Kłaniam się pięknie.

Opublikowano

@tetu idziesz na skróty. Masz ogromny potencjał. Masz empatię. Idziesz na skróty. Masz, posiadasz zasób skojarzeń -- słów. Masz to wszystko. Idziesz na skróty. Powiększ. 

Zaloguj się, aby zobaczyć zawartość.

Co to jest? Dlaczego? Nasiona słonecznika?! Jakie pestki, jak krew? Do czego, dlaczego i jak? To nie jest poezja -- to jest granie na emocjach i ucieczka. Czujesz ten dramat zwykłego człowieka i nic z tym nie czynisz. Wtzucasz stek frazesów. Odsłoń sie w końcu u napisz cos od soebie ☆☆ cokolwiek. Pozdr. 

Opublikowano

Piękny wiersz, bardzo sugestywnie obrazujący tragedię, 

ale i nadzieję. Czuję to i widzę. Początkowo myślałam, żeby może "pestki" podmienić na nasiona, 

ale w tej chwili nie, nie widzę takiej potrzeby. Najbardziej podoba mi się puenta, jest taka soczysta i głęboka, 

symbolizuje tu dla mnie koniec jakiegoś etapu, daje jakiś taki wewnętrzny spokój, nadzieję, wiarę, a może nawet optymizm. 
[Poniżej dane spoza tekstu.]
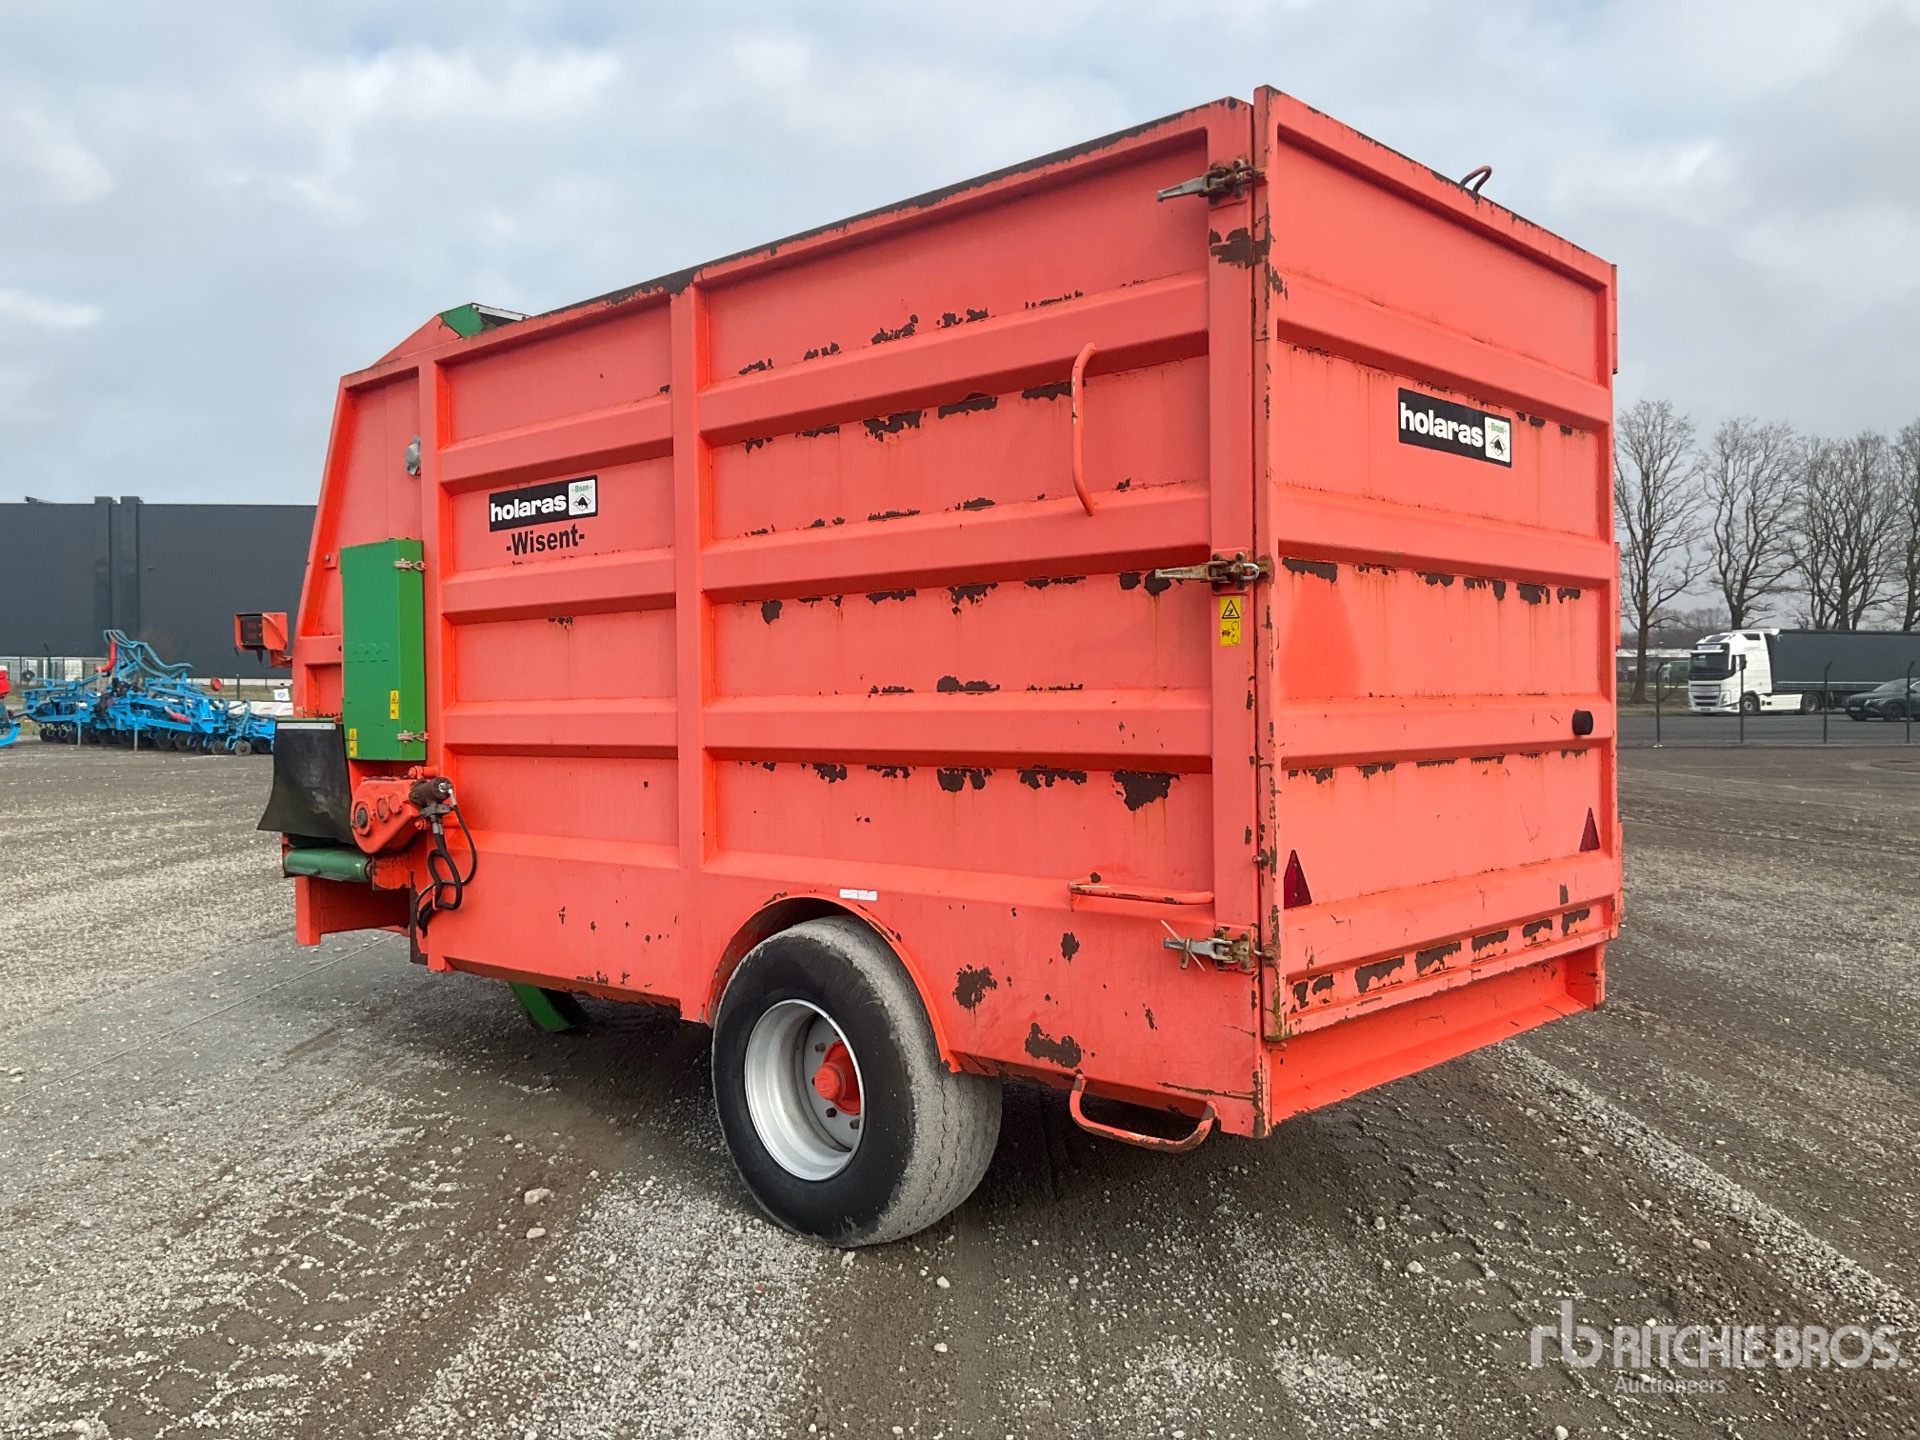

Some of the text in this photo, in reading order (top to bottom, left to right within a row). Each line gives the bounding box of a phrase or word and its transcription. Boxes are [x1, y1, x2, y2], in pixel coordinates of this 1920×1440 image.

Twój utwór mocno koresponduje z innym, także bardzo przeze mnie lubianym i obrazowym, jest tak jakby jego lustrzanym odbiciem:

 

 

Pozdrawiam ciepło, 

 

Deo. 

Opublikowano

@Anna_Sendor @violetta @Damian.M bardzo dziękuję za Waszą obecność i słowo pod wierszem.

 

 

@[email protected] Grzegorzu, materiał, który nadesłałeś jest bardzo pomocny i przeczytałam go z wielką uwagą.
Oprócz przedostatniego zdania na które się powołujesz, jest tam jeszcze wiele innych zdań, równie ważnych.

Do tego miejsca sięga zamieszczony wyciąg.